1st - 2nd of August Armoured Train 2 took part in small-scale attack with Jaeger Platoon of Infantry Regiment 56 in Näätäoja area. Both the armoured train and Railway Artillery Battery in Kollasjoki railway station. 5th - 7th of August each day two Soviet bombers with escort fighters attacked this train station - the train returned fire, but without success. 8th of August formation of 11 Soviet aircraft attacked Kollasjoki railway station - this time the train succeeded damaging two of the attacking Soviet fighters. 21st of August arrived orders, which temporarily separated ways of Armoured Train 2 and Railway Artillery Battery.
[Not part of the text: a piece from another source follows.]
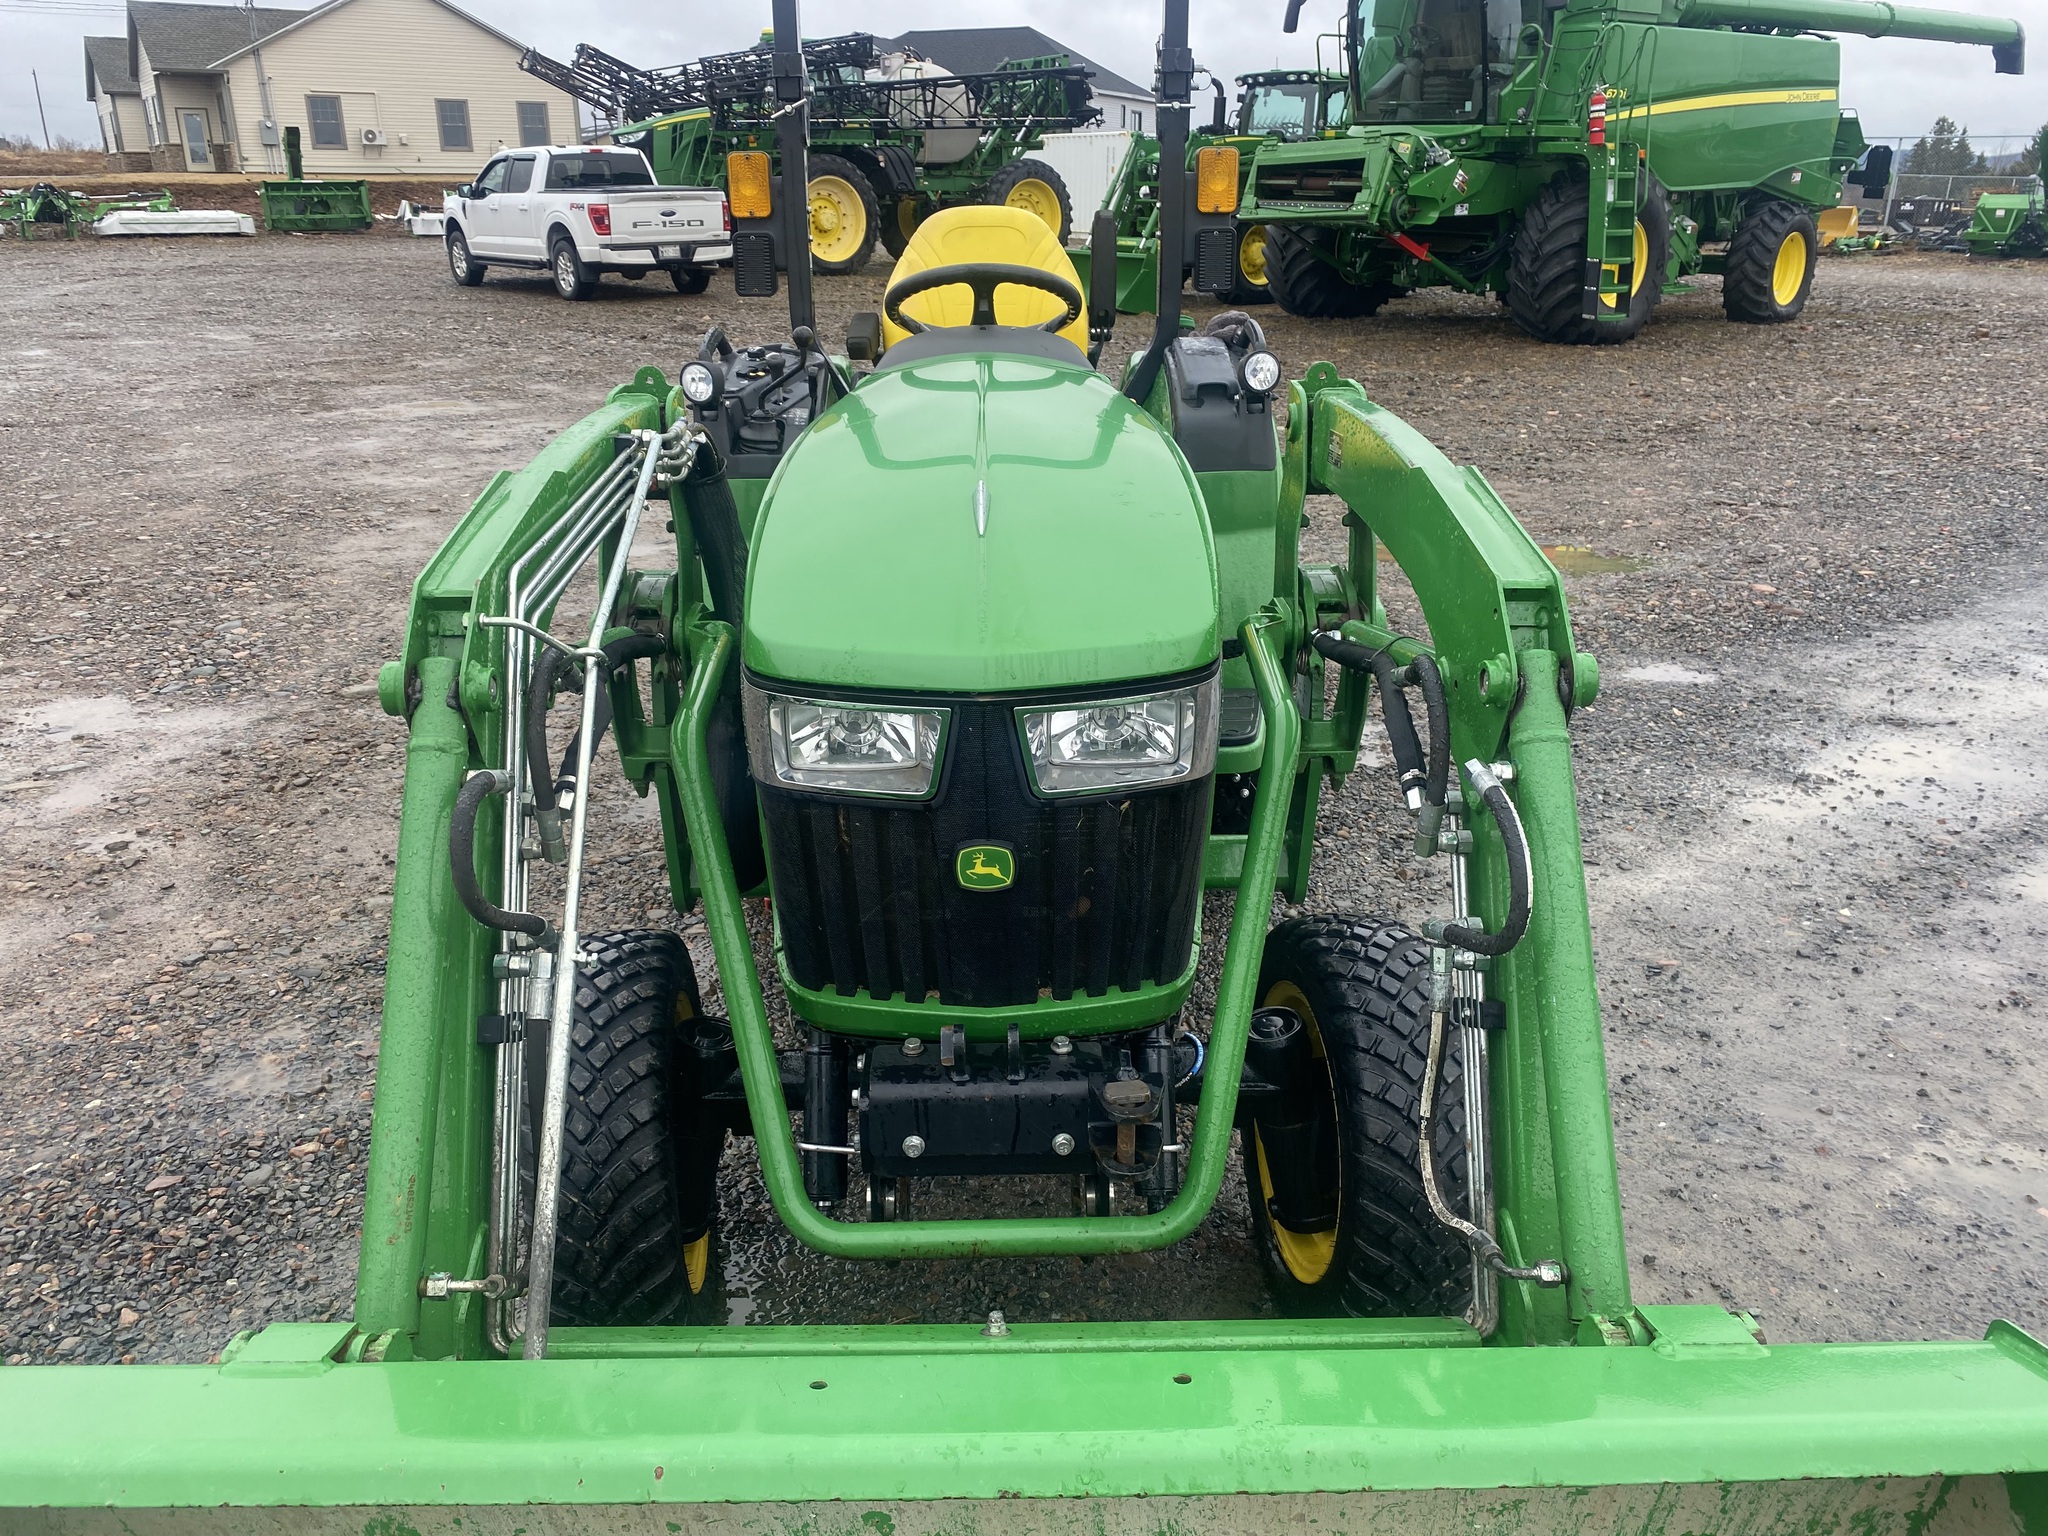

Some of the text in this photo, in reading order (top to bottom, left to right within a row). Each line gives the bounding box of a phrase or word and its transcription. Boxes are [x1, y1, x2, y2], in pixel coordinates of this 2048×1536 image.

[1786, 91, 1821, 102] JOHN DEERE
[632, 219, 704, 229] F-150
Railway Artillery Battery was sent to northern Carelian Isthmus, while Armoured Train 2 was sent to Rautalahti area (near Sortavala) to boost anti-aircraft capacity of 19th Division. In addition it received orders to assist stopping remains of Soviet 168th Division, which the Soviets were evacuating by Lake Ladoga from motti forming to Rautalahti area. For variety of reasons stopping this evacuation failed - while the Soviets had to leave much of their heavy weaponry behind they succeeded pulling off their troops. Railway Artillery Battery moved to Haukkavaara (near Hiitola) from where it shelled Soviet troops in Cape of Kilpola.

28th of August 1941 Armoured Train 2 and Railway Artillery Battery were returned to VII Army Corps. The attack towards city of Äänislinna / Petrozavodsk / Petroskoi had already advanced behind 1939 border and the Soviet defence-line along the railway run in isthmus between lakes Säämäjärvi and Sotjärvi. Soviets had finished this part of railway network, Suojärvi - Äänislinna railway during early months of 1940. In typical manner of flanking attacks favoured by Finnish Army 1st Battalion of Infantry Regiment 29 had also captured also 2.5 kilometre section of railway behind the Soviet defence line near village of Peski already week earlier. The same day three Soviet fighters attacked the armoured train and railway repairs train that it was escorting, in this battle Armoured Train 2 succeeded downing one of them. Finnish troops captured the railway up to Peski and it was repaired by 6th of September, at which point also Railway Artillery Battery moved there and the armoured train from there to Jessoila. At that time Jessoila became the main location for main supplies centre of VII Army Corps and railway to Suojärvi remained its main route of supplies. 14th of September Soviet aircraft attacked Jessoila, but suffered heavy losses as Finnish anti-aircraft units downed there 2 SB-series bombers and 5 fighter aircraft. While these 7 downed aircraft were all officially credited to Anti-aircraft Machinegun Company of VII Army Corps, it is more than likely that some would have belonged to Armoured Train 2. In addition while in Jessoila Armoured Train 2 presumably received its 76 ItK/02/34 heavy anti-aircraft gun. 21st of September 1941 Railway Artillery Battery was renamed as 2nd Railway Artillery Battery, the reason for this was forming of 1st Railway Artillery Battery armed with captured Soviet 180-mm railway guns.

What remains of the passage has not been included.